Untersuchung der ökologischen Verträglichkeit

„Mit dem Forschungsprojekt Wasserkraftnutzung und Gewässerökologie der TU München wird die ökologische Verträglichkeit der neuen Wasserkrafttechnik untersucht. Für Erkenntnisse und Verbesserungen im Fischschutz sowie für die innovativen Wasserkrafttechniken investiert der Freistaat mehrere Millionen Euro“, betonte Umweltministerin Scharf in ihrer Rede.
Dieses Wasserkraftprojekt ist weltweit einmalig und hat Vorbildcharakter für eine gesicherte Energieerzeugung im Einklang mit Natur und Umwelt. Das Besondere an dem Wasserkraftwerk ist, wie bereits erwähnt, die erstmals in Deutschland eingesetzte Technologie der „Very Low Head-Turbine“ in Kombination mit einer variablen Stauzielregelung durch ein wassergefülltes Schlauchwehr sowie einer Geschiebe- und Treibholzschleuse. Die VLH-Turbine eignet sich besonders für den Einsatz in Flüssen mit niedriger Fallhöhe und zeichnet sich durch ihre hohe Fischverträglichkeit aus. Durch ein unabhängiges, staatlich finanziertes Monitoring werden die Fischverträglichkeit der VLH-Turbine sowie die ökologischen Auswirkungen der Wasserkraftanlage auf die angrenzenden Habitate untersucht.
Bereits Ende 2015 ist die Wasserkraftanlage ans Netz gegangen, das Investitionsvolumen beläuft sich auf insgesamt 8,7 Millionen Euro. Das Allgäuer Überlandwerk und die Bayerische Landeskraftwerke GmbH (eine Eigengesellschaft des Freistaats Bayern) bilden gleichberechtigt die Illerkraftwerk Au GmbH. Finanziell unterstützt wurde das Projekt mit 1,4 Millionen Euro aus Mitteln des Förderprogramms „BayInvent“ vom bayerischen Wirtschaftsministerium.
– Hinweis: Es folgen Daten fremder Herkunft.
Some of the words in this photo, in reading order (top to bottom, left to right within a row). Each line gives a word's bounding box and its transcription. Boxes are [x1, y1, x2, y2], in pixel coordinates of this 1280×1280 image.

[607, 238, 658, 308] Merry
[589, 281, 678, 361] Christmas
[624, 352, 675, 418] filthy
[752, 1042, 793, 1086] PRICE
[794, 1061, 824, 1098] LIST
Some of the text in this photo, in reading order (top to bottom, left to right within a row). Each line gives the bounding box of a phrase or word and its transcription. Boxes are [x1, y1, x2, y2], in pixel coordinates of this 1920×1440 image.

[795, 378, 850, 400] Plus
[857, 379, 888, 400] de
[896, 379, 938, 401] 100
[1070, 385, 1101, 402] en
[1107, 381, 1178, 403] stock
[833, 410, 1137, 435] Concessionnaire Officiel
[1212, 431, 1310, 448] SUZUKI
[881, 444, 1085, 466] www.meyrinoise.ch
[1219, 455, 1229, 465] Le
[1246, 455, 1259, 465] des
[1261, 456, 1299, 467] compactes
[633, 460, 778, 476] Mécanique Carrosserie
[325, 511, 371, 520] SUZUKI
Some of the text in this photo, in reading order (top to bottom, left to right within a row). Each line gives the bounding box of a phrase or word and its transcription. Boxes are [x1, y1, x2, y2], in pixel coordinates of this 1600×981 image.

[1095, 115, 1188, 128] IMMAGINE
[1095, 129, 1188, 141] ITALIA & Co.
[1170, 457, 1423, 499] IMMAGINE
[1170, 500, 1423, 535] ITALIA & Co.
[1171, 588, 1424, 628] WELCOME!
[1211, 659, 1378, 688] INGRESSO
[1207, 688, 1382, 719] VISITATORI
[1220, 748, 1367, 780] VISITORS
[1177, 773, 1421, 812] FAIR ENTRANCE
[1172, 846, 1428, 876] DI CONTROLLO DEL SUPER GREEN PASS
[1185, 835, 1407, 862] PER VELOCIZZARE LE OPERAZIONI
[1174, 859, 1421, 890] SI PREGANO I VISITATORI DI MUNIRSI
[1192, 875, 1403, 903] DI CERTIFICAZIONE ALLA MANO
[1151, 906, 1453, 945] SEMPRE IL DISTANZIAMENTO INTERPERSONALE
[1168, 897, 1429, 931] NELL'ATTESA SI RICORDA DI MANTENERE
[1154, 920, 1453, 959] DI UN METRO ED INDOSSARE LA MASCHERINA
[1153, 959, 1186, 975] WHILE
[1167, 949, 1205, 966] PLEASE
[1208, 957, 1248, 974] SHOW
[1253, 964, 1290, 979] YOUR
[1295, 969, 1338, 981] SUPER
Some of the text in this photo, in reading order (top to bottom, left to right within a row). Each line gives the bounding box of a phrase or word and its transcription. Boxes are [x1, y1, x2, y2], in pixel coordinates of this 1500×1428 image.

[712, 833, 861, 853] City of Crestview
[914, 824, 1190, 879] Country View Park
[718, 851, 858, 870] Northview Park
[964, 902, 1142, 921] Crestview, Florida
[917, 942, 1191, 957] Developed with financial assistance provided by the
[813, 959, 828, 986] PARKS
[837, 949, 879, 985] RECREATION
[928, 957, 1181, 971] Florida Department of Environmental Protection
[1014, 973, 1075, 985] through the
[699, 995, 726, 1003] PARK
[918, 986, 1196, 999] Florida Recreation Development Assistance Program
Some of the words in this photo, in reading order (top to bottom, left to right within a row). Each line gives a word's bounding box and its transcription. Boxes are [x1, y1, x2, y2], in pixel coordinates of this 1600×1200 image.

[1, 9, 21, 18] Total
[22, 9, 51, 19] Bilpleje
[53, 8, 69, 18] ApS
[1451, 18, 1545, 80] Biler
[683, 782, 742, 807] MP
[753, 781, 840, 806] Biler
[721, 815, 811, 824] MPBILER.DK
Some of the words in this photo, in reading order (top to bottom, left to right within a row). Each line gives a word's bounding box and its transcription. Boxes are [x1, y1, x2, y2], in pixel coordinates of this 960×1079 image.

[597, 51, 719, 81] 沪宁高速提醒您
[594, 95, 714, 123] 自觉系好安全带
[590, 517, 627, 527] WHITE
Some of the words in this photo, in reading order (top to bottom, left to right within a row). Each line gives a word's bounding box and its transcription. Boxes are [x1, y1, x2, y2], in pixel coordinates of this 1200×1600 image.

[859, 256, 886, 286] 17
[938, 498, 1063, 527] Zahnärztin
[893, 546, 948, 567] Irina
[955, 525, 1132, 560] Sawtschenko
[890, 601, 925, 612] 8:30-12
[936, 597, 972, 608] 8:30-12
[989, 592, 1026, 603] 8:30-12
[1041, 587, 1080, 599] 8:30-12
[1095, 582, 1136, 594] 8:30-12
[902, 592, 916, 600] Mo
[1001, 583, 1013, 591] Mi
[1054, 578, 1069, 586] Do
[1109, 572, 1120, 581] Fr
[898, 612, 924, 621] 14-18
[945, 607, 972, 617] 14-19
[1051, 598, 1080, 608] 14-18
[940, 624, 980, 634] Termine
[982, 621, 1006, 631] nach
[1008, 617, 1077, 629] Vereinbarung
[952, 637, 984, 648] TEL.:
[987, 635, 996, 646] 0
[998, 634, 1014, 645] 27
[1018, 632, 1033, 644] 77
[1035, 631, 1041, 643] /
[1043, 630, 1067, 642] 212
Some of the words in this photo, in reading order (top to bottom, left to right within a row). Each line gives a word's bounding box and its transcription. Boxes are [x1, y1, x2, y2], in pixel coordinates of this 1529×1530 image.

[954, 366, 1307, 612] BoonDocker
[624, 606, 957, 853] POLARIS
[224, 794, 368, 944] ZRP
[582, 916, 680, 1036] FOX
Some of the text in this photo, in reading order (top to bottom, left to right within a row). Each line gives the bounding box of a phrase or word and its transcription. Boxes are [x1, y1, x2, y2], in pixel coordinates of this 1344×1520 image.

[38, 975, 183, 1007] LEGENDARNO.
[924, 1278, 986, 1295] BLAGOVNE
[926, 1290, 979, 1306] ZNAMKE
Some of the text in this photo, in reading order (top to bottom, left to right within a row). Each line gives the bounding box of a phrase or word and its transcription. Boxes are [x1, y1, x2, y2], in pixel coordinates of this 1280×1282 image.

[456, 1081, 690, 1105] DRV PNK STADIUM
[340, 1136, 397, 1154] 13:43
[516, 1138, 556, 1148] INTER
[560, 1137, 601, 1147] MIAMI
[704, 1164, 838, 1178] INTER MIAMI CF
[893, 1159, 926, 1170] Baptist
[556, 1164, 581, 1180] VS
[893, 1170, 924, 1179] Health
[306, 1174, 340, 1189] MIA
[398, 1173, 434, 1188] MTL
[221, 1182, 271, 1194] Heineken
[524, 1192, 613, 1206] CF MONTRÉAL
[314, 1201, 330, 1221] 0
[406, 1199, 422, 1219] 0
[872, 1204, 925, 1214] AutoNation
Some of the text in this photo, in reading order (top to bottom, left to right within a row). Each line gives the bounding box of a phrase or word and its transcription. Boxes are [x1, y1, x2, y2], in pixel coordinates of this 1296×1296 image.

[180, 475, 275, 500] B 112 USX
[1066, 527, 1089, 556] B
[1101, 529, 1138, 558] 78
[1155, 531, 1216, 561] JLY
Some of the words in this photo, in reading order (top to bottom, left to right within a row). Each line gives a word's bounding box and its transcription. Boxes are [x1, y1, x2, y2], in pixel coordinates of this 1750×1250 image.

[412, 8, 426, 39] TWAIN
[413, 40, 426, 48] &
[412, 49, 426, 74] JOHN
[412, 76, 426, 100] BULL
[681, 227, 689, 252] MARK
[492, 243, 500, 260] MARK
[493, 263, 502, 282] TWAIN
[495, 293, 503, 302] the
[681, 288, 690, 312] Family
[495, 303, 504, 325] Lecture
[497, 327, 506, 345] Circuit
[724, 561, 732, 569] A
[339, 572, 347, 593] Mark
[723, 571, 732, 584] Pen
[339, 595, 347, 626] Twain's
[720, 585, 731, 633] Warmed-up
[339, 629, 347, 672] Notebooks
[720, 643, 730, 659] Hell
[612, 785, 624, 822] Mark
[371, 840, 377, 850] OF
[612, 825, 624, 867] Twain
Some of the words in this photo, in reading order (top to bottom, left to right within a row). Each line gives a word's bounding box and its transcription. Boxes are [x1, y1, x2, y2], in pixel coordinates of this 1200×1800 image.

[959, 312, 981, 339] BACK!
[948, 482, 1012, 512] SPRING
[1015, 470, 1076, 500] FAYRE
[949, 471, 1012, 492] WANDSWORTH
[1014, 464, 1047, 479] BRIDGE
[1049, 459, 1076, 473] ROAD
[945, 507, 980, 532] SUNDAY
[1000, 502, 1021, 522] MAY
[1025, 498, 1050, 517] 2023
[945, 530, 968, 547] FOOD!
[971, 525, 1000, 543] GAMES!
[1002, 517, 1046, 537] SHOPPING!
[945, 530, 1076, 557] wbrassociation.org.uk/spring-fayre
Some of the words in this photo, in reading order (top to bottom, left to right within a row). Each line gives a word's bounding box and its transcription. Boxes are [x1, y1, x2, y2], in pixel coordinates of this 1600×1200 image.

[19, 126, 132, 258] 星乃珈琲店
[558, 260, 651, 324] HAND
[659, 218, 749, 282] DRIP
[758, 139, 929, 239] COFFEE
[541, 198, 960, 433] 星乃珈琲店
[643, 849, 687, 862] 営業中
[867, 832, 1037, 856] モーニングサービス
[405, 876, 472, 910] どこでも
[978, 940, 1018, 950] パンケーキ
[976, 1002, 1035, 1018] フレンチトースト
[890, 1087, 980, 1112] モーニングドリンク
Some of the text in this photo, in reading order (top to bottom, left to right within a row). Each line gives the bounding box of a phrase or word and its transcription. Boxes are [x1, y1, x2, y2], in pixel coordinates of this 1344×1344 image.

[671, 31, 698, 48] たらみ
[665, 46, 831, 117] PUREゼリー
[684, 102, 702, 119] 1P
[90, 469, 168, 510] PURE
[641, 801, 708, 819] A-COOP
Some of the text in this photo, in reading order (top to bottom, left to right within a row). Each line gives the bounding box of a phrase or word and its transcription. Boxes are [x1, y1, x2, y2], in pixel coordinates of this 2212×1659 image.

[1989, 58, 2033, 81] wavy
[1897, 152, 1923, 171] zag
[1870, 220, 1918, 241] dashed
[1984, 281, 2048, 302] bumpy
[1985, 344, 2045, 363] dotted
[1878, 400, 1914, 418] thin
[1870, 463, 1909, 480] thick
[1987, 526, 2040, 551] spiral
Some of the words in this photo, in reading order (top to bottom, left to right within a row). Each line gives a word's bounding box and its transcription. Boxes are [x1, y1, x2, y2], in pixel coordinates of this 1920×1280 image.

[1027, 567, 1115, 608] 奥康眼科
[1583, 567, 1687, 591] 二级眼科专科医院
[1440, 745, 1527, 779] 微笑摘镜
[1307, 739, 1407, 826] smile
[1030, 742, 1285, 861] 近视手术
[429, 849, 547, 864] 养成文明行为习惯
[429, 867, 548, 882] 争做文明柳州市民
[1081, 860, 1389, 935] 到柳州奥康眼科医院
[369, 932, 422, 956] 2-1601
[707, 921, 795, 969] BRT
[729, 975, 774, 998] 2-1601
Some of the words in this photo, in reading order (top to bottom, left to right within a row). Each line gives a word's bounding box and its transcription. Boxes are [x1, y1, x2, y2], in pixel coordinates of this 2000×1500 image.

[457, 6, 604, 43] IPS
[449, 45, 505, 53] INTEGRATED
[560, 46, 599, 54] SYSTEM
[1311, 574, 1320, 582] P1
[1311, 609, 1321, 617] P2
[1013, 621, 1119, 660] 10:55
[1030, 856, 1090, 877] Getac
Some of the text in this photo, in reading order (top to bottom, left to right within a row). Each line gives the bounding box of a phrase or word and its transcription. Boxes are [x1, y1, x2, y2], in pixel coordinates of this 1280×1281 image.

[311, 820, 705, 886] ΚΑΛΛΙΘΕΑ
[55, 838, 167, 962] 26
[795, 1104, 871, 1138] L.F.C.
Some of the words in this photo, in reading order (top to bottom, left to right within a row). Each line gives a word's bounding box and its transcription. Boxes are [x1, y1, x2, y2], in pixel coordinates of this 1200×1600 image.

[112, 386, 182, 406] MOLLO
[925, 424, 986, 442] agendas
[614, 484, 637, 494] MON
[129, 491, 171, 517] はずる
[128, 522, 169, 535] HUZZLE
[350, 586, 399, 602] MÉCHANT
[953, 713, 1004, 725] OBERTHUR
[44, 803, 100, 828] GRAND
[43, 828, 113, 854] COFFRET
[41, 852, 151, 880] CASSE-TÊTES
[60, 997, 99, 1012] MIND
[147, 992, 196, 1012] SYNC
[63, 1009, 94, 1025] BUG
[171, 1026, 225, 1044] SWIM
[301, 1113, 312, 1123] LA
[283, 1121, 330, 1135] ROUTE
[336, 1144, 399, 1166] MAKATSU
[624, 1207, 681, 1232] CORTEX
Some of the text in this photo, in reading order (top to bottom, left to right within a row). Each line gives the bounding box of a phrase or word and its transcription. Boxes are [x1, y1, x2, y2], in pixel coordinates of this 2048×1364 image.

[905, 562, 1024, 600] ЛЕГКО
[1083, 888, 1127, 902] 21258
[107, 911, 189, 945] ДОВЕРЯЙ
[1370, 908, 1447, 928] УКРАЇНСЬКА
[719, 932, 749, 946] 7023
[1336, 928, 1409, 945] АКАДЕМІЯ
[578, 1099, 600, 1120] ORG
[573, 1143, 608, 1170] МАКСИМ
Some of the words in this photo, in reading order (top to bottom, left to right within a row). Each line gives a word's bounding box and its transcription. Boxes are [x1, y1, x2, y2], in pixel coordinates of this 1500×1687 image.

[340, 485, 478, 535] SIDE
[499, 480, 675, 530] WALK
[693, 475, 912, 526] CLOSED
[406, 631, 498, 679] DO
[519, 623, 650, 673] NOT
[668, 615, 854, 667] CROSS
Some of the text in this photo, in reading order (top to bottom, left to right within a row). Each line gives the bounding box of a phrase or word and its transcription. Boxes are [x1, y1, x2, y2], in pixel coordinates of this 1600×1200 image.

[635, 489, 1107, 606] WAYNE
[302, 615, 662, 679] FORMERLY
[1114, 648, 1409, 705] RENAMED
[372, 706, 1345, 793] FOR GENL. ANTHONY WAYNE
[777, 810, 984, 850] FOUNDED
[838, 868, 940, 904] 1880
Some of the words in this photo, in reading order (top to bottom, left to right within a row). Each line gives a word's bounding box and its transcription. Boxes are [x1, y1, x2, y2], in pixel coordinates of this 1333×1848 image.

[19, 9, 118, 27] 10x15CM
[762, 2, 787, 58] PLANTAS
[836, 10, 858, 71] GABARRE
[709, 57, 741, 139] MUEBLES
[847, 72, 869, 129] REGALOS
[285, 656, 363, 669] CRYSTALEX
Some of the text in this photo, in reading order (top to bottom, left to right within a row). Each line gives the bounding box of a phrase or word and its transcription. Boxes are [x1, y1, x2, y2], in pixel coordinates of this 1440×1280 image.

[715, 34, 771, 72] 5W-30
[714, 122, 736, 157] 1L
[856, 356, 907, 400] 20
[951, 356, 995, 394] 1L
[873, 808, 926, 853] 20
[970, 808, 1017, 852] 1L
In der Nachkriegszeit wurden Wasserkraftanlagen meist an Wehren mit geringer Fallhöhe aufgelassen, da diese bei den extrem niedrigen Strompreisen zur damaligen Zeit nicht mehr rentabel waren. Auch bei der heute gesicherten Einspeisevergütung nach EEG bleibt an solchen Standorten die Wirtschaftlichkeit grenzwertig, weshalb neue Wege in der Technik der Nutzung der Wasserkraft gesucht werden. Trotz ungünstiger Standortbedingungen soll eine wirtschaftliche Nutzung ermöglicht werden.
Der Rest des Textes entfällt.